If we really want to return all this data in a consistent form, we should, at a
minimum, return all these numbers in a single object by a single method (and
then they indeed should be written into that object in a synchronized way, and
maybe more synchronization will be needed in other places). For now I think
this is too much work for too unobvious a benefit.
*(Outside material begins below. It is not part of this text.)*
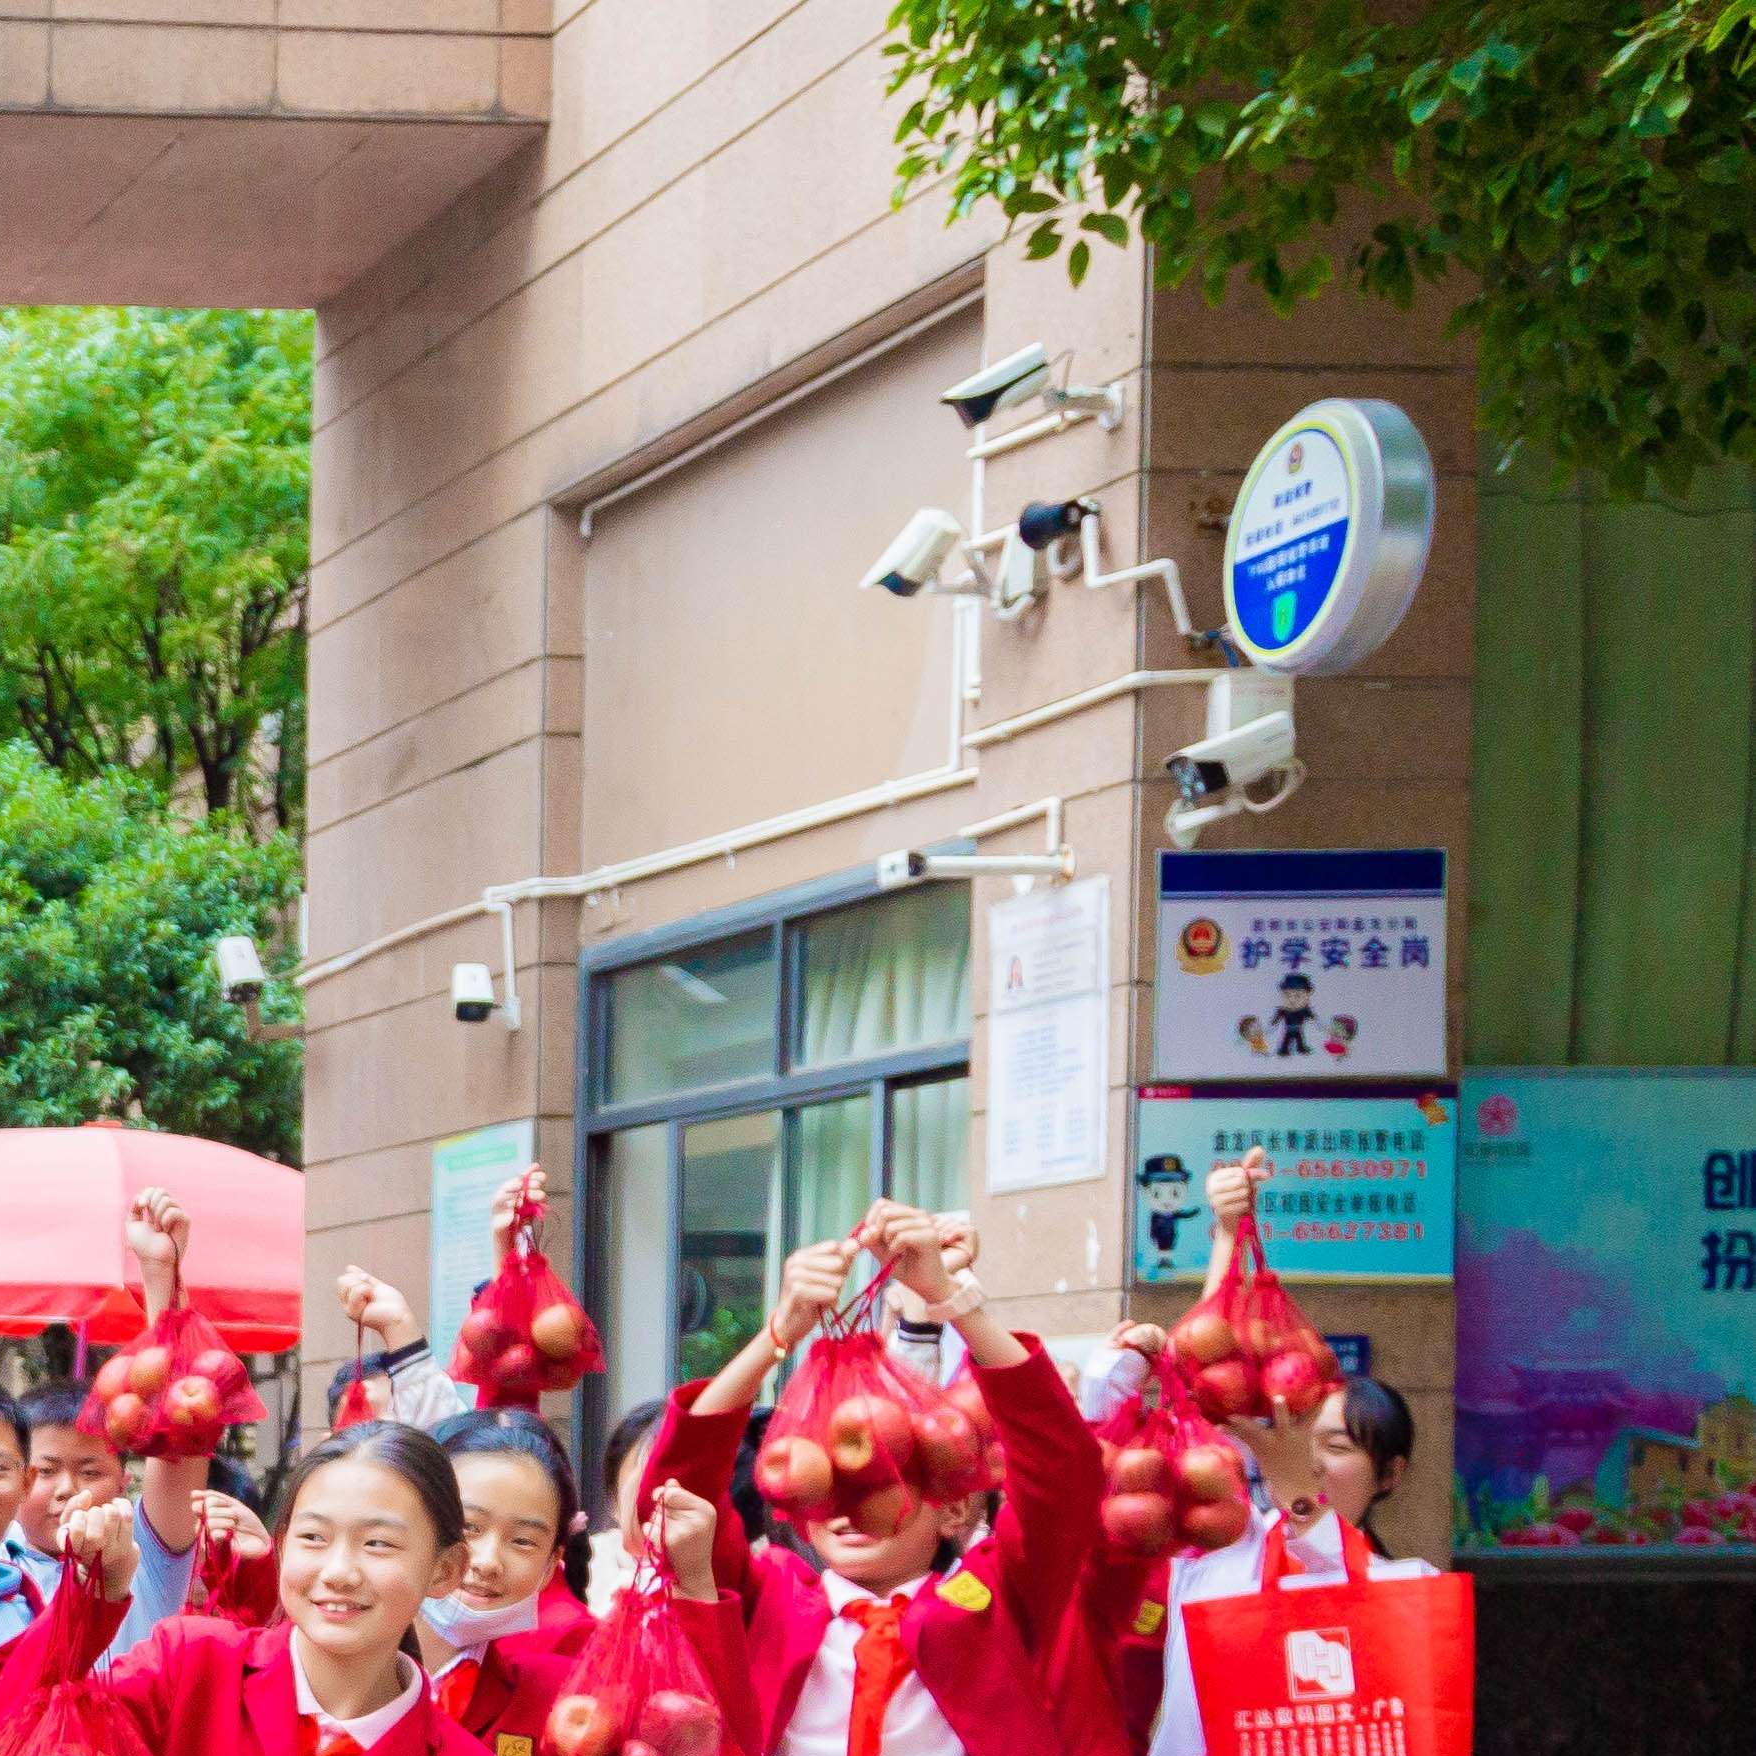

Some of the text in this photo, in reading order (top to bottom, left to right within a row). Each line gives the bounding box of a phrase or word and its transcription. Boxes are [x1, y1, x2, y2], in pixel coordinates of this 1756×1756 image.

[1241, 936, 1431, 970] 护学安全岗
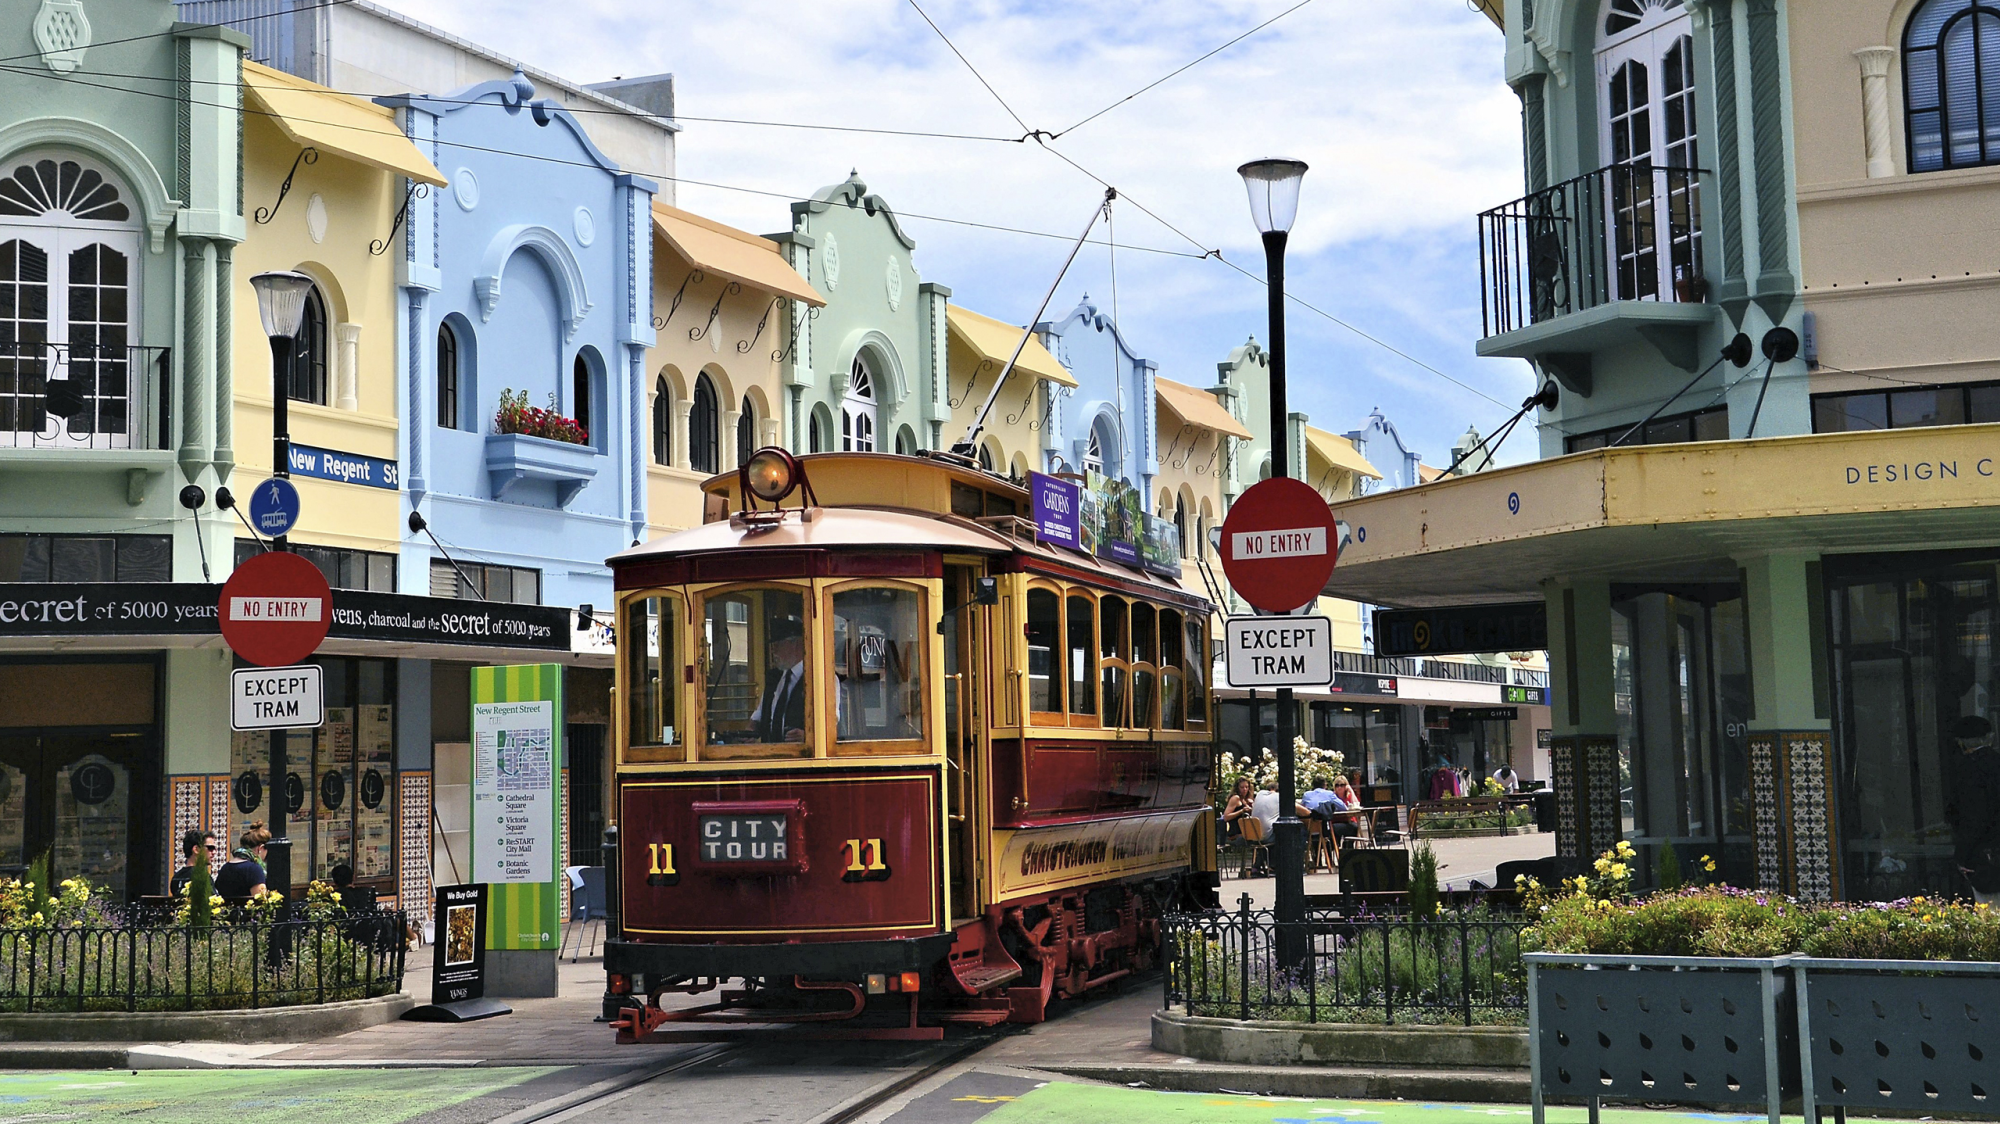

But please let me know if
you think differently.
{quote}
Typo in test:
{quote}
Fixed.
> Add GC time percentage monitor/alerter
> --------------------------------------
>
> Key: HADOOP-14960
> URL: https://issues.apache.org/jira/browse/HADOOP-14960
> Project: Hadoop Common
> Issue Type: Improvement
> Reporter: Misha Dmitriev
> Assignee: Misha Dmitriev
> Priority: Major
> Attachments: HADOOP-14960.01.patch, HADOOP-14960.02.patch
>
>
> Currently class {{org.apache.hadoop.metrics2.source.JvmMetrics}} provides
> several metrics related to GC. Unfortunately, all these metrics are not as
> useful as they could be, because they don't answer the first and most
> important question related to GC and JVM health: what percentage of time my
> JVM is paused in GC? This percentage, calculated as the sum of the GC pauses
> over some period, like 1 minute, divided by that period - is the most
> convenient measure of the GC health because:
> - it is just one number, and it's clear that, say, 1..5% is good, but 80..90%
> is really bad
> - it allows for easy apple-to-apple comparison between runs, even between
> different apps
> - when this metric reaches some critical value like 70%, it almost always
> indicates a "GC death spiral", from which the app can recover only if it
> drops some task(s) etc.
> The existing "total GC time", "total number of GCs" etc. metrics only give
> numbers that can be used to rougly estimate this percentage. Thus it is
> suggested to add a new metric to this class, and possibly allow users to
> register handlers that will be automatically invoked if this metric reaches
> the specified threshold.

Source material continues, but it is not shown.